Scientific advancement or invasion of privacy?

On the Talk last week, Sharon Osbourne talked about a new medical test which gave all the possible issues with a person medically.  It will give an indicator of whether you will have cancer, diabetes, mental illness, and so on.  She was raving about how her husband and herself had the test done and they were promoting it.  My first question is who will that information be released to?  If it is going to the insurance companies are they going to be able to deny coverage because this test shows something negative?  Will the individual be denied admittance to schools or jobs because it shows the individual isn’t at the intelligence level required? 

I think science is fabulous and has had some amazing advancements but this is one where I think we are opening a can of worms.  I think it puts us one step forward into a situation where people will have this test done and be discriminated against because of the results. 

Did anyone know that all babies DNA is taken and put into a national database?  This has been done since the mid-1980s.  Now I have three girls born in that era and I have no idea whether their information is included in that database but I sure wasn’t asked if I wanted it done.  I don’t believe it is even told to parents that some of the blood taken from their newborn is going to that.  It might be useful to have that information in a database but my question is – how protected is the information?  Who is watching out for the privacy of these children? 

Science is great but how are we protecting our privacy and our rights with each advancement?  I’d rather be proactive about it than reactive…

2 thoughts on “Scientific advancement or invasion of privacy?

  1. I have worked as an L&D and newborn nursery RN since the beginning of the 80's.
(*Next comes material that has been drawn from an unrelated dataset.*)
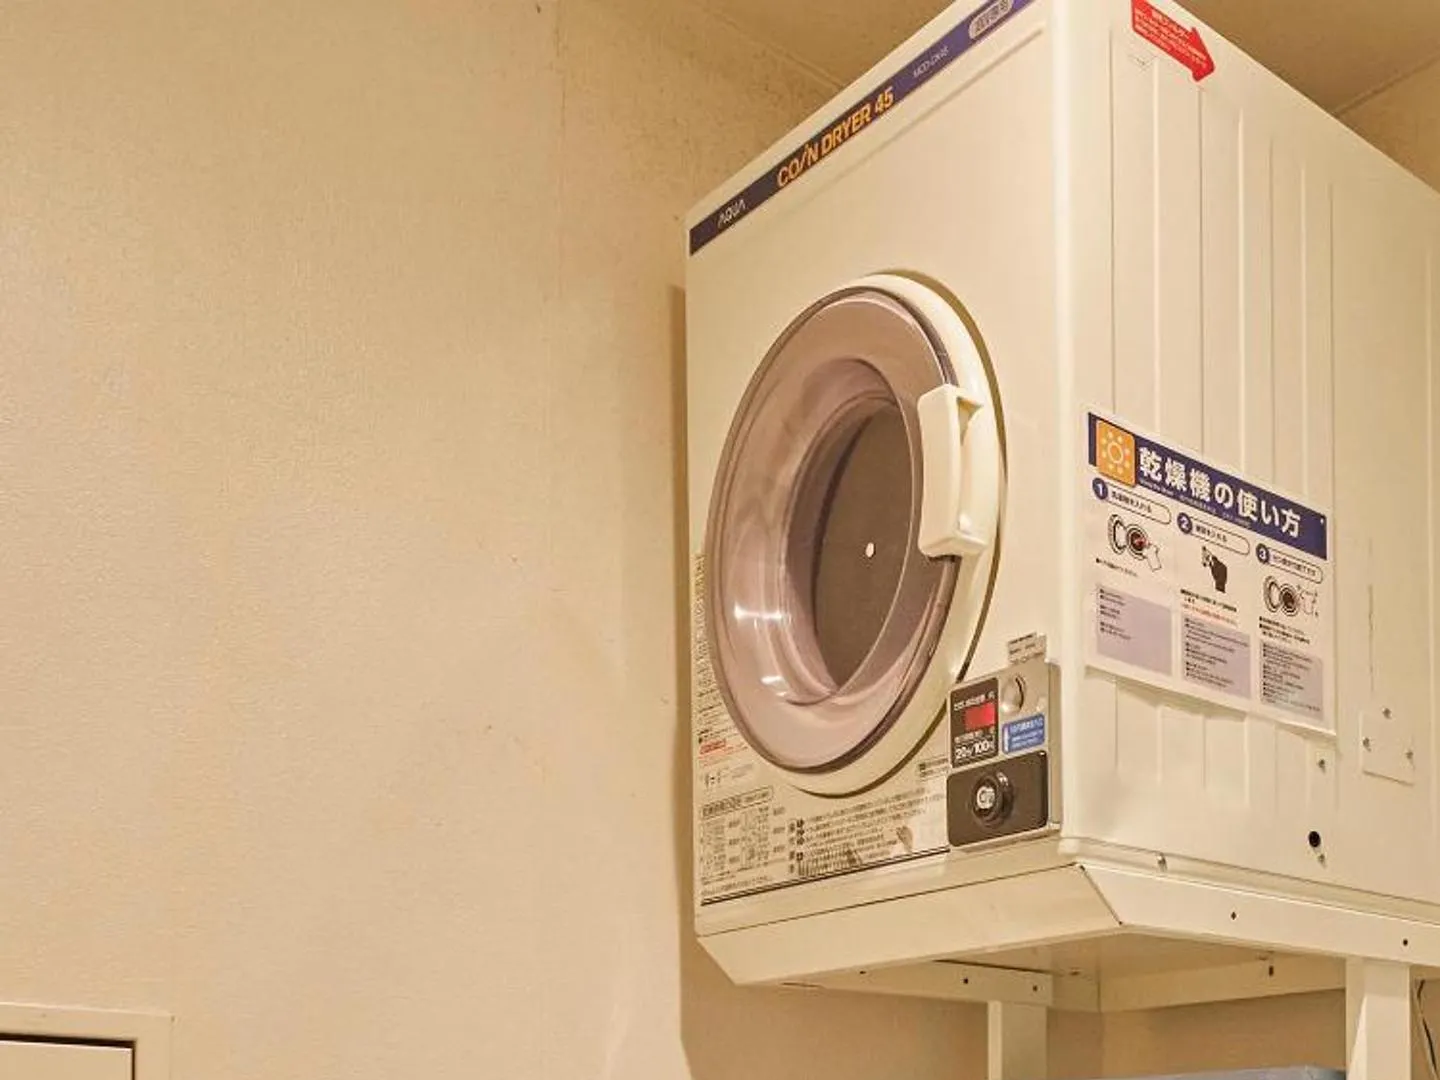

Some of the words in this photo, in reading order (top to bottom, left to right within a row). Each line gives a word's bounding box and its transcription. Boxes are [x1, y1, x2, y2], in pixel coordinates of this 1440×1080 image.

[822, 105, 872, 156] DRYER
[875, 86, 895, 114] 45
[1138, 447, 1301, 538] 乾燥機の使い方
The only blood we took was for the PKU tests that we stuck their heals for. The tests also checks for several other diseases that can lead to mental retardation if not discovered at birth. To my knowledge, those are the only standard blood tests taken. We had to document every time a child was stuck and what it was for. That is just how healthcare is done, as if it was going to be examined in court because you never knew when it was going to be. I think it's doubtful that anyone has your daughter's DNA. You know I would be the first one screaming about it if I thought for a moment that someone was gathering that kind of information.

  2. My daughter took a privacy class and in there she was told that the heel prick goes into a database that is kept. I'll have to ask her who is keeping it – I believe the government is. My question is who has access to the information? How is this affecting what they get for insurance and jobs and so on…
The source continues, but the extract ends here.